Wednesday, January 28, 2026

Poll Results: Copywriters’ Fears About AI in 2026

In an informal, unscientific poll, responders indicated that copywriters’ biggest fears about using AI cluster around losing work, losing value, and losing trust in their own (and others’) writing. Many see AI as both a useful tool and a direct threat to how they get paid and how their craft is judged.


Poll Results: Copywriters & AI

1. Job and income security

  • Fear that AI tools will replace human-written ad copy, blogs, emails, and social posts, shrinking demand and pushing rates down.
  • Anxiety that clients will switch to “cheap” AI output and only hire writers to lightly edit, devaluing deeper strategic and creative skills.
  • Worry that entry-level and junior roles will disappear, making it harder to build a career path toward senior creative or strategy roles.


2. Being misjudged or distrusted

  • Fear of being falsely accused of using AI when they did not, especially as AI detectors often flag human work as “machine-written.”
  • Concern that clients and managers will trust AI detectors over the writer’s word, damaging professional reputation and relationships.
  • Unease that audiences may assume polished, efficient copy is “just AI,” making it harder to prove the value of expert human craft.
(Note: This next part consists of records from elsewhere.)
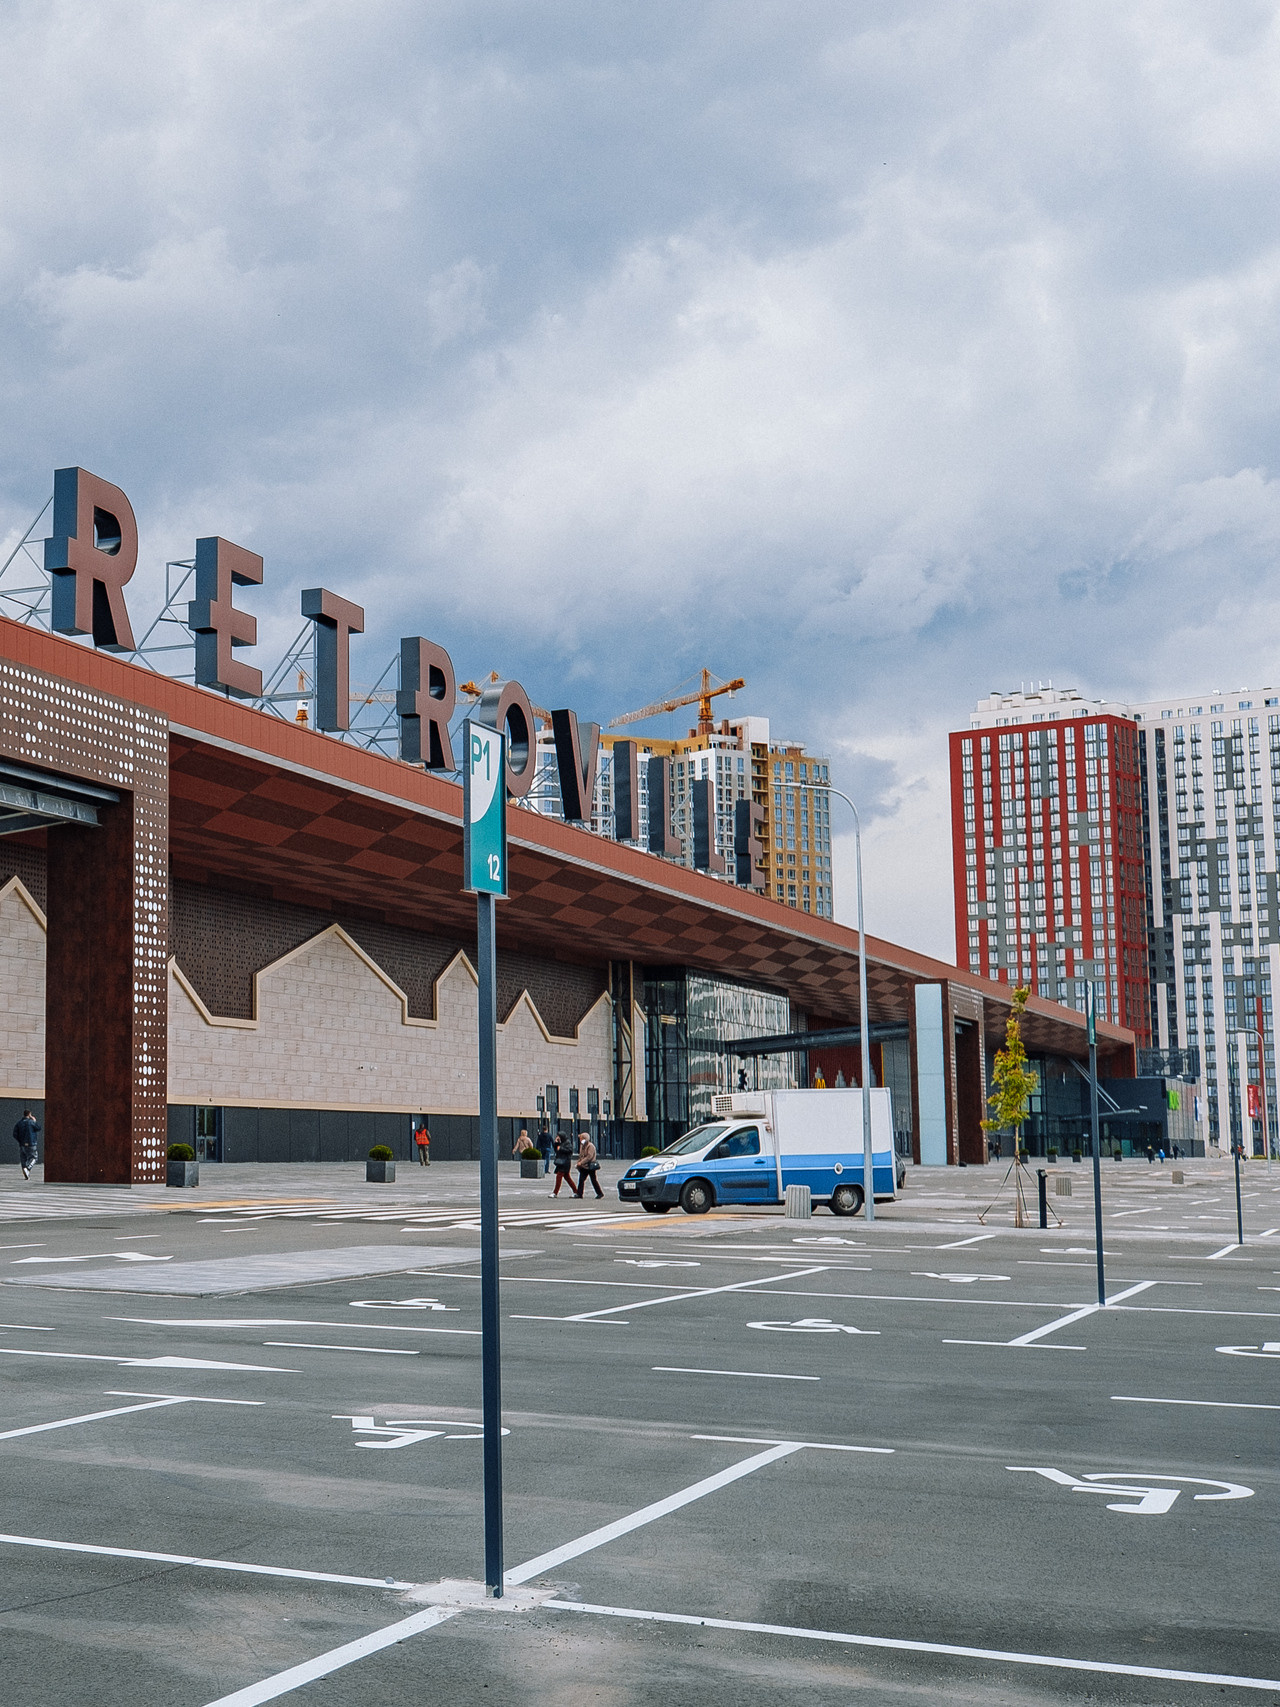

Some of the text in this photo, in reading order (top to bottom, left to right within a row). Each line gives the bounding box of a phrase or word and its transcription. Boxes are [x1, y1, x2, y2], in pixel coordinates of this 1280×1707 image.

[44, 466, 765, 889] RETROVILLE
[471, 733, 491, 781] P1
[487, 853, 501, 882] 12
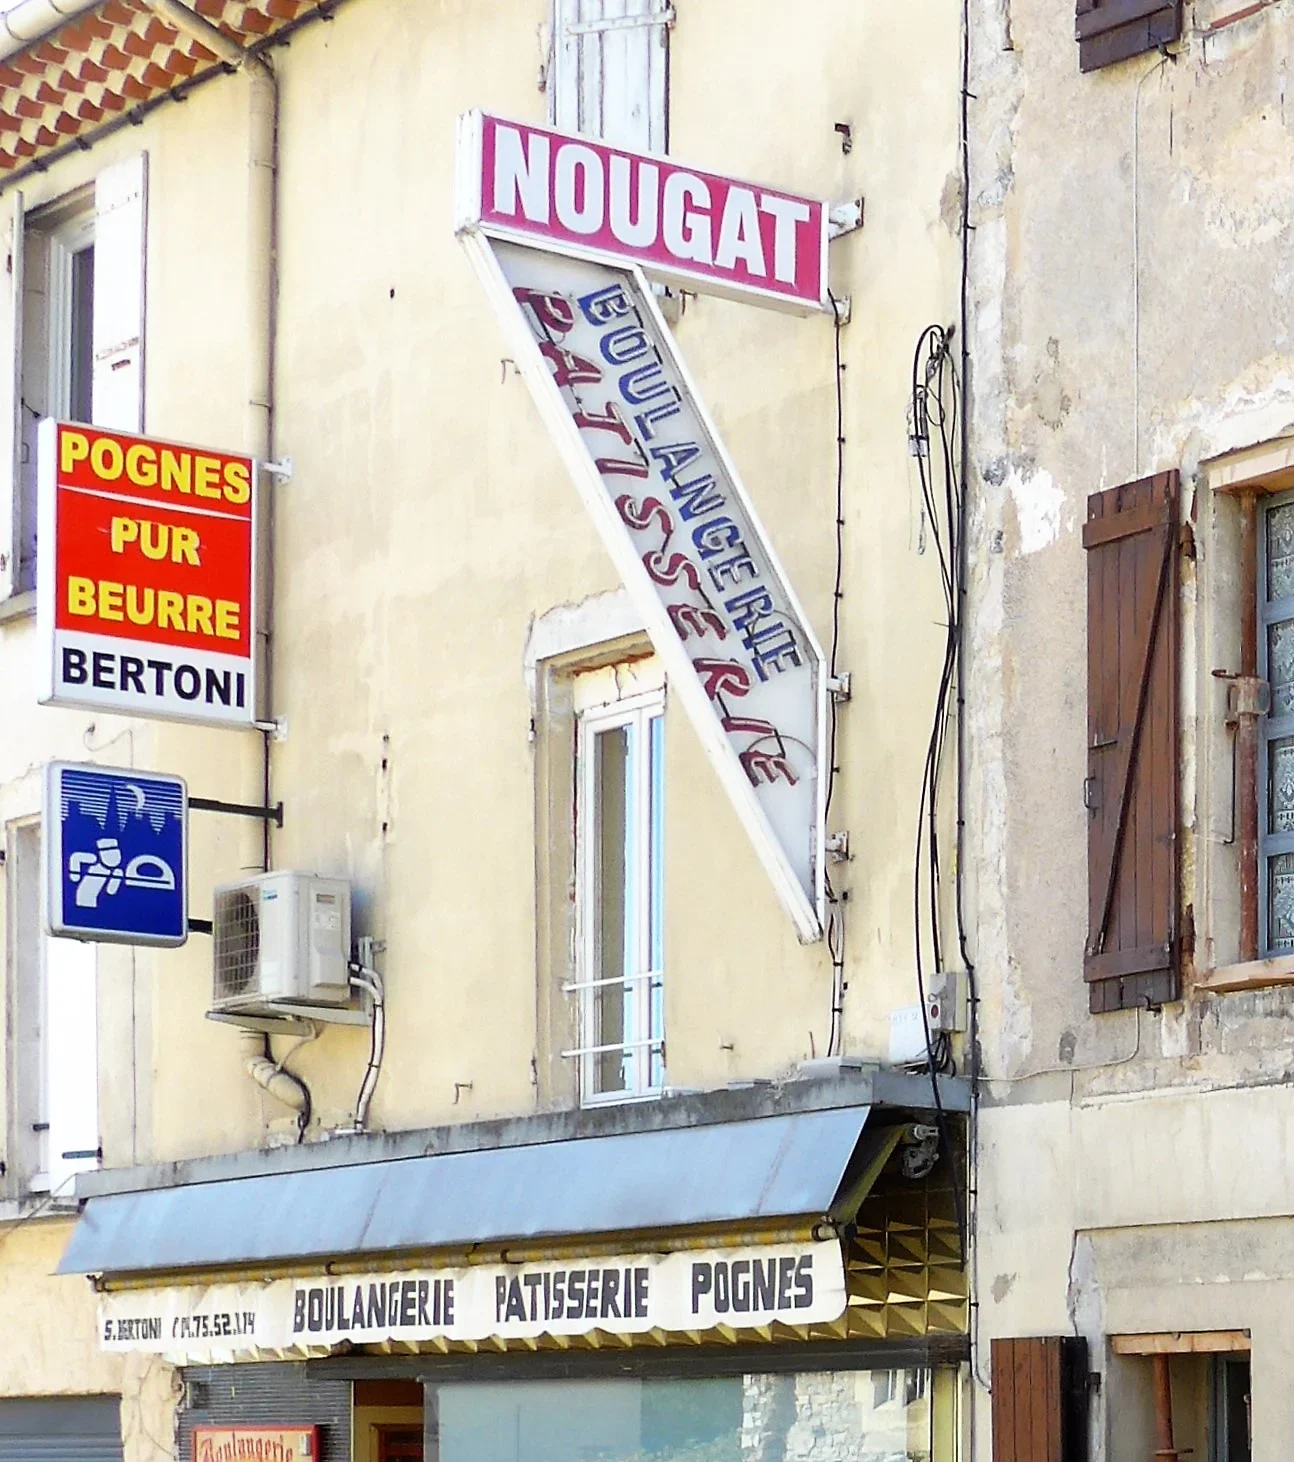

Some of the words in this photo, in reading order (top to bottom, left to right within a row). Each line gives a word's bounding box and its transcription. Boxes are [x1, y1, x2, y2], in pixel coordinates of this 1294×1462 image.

[494, 124, 811, 286] NOUGAT
[60, 431, 252, 504] POGNES
[576, 283, 803, 684] BOULANGERIE
[110, 516, 202, 566] PUR
[512, 287, 800, 788] PATISSERIE
[67, 576, 241, 641] BEURRE
[61, 647, 246, 708] BERTONI
[293, 1278, 455, 1334] BOULANGERIE
[495, 1267, 649, 1323] PATISSERIE
[691, 1254, 813, 1315] POGNES
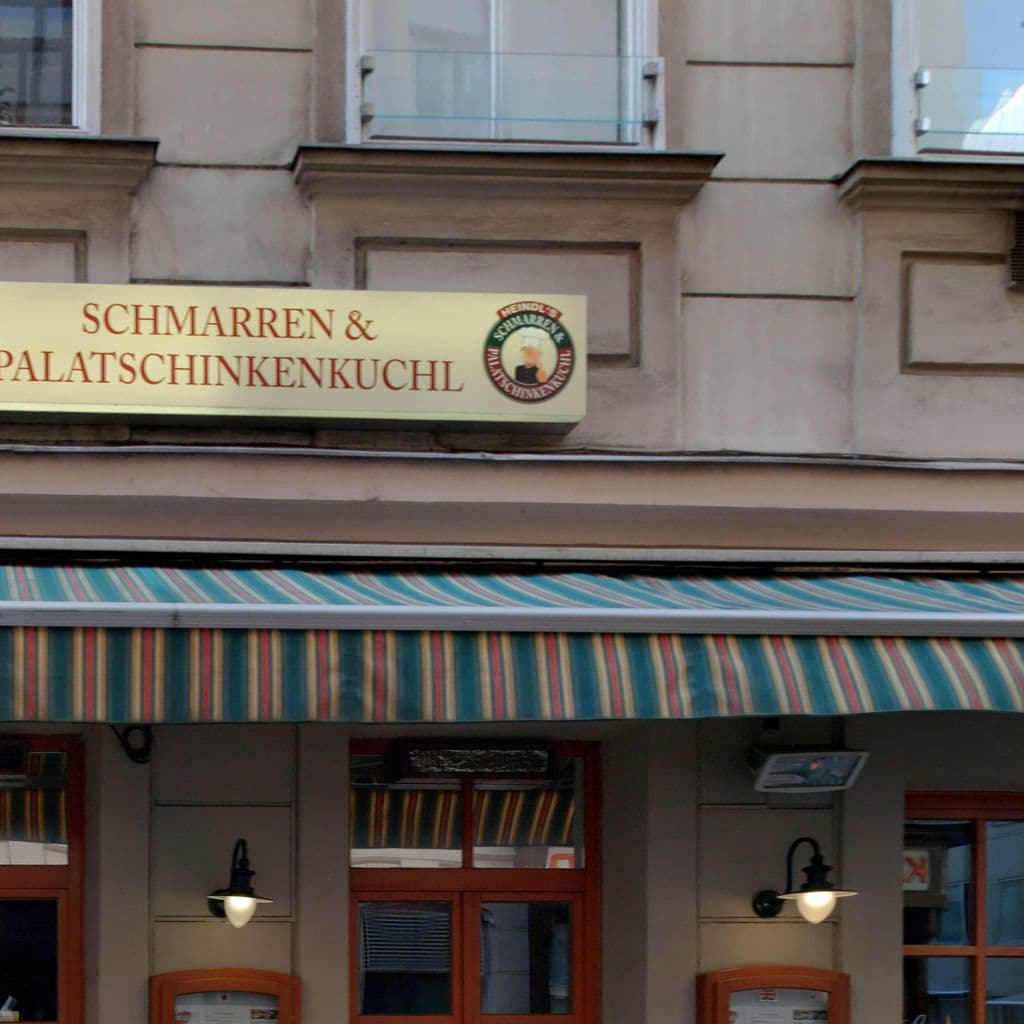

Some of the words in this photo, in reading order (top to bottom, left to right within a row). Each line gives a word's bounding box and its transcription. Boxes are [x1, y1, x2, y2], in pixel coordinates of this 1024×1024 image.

[81, 302, 335, 341] SCHMARREN
[343, 310, 378, 341] &
[501, 302, 559, 318] HEINDL'S
[494, 314, 560, 341] SCHMARREN
[554, 332, 566, 343] &
[487, 348, 572, 399] PALATSCHINKENKUCHL
3. Loss of creative identity and craft

  • Anxiety that AI will homogenize tone and style, flooding channels with same-sounding content and making original voices harder to spot.
  • Fear that writers will be pushed into prompt-tweaking and editing instead of concepting, storytelling, and big-idea development.
  • Worry that constant reliance on AI will dull skills like ideation, structural thinking, and nuanced phrasing over time.


4. Ethical, legal, and IP concerns

  • Fear that their past work has been scraped to train models without consent or credit, undermining ownership of original writing.
  • Concern about accidentally publishing AI-generated material that includes plagiarism, inaccuracies, or fabricated details, with legal or brand consequences.
  • Discomfort with being asked to “just run it through AI” when the underlying data, permissions, or attributions are unclear.


5. Practical quality and workflow worries

  • Worry that AI will confidently generate factual errors or made-up case studies that slip through and damage credibility.
  • Frustration that prompting, checking, and rewriting AI drafts can be time-consuming and sometimes slower than writing from scratch.
  • Concern that clients will overestimate AI’s capabilities, expecting instant, perfect copy and compressing timelines even further.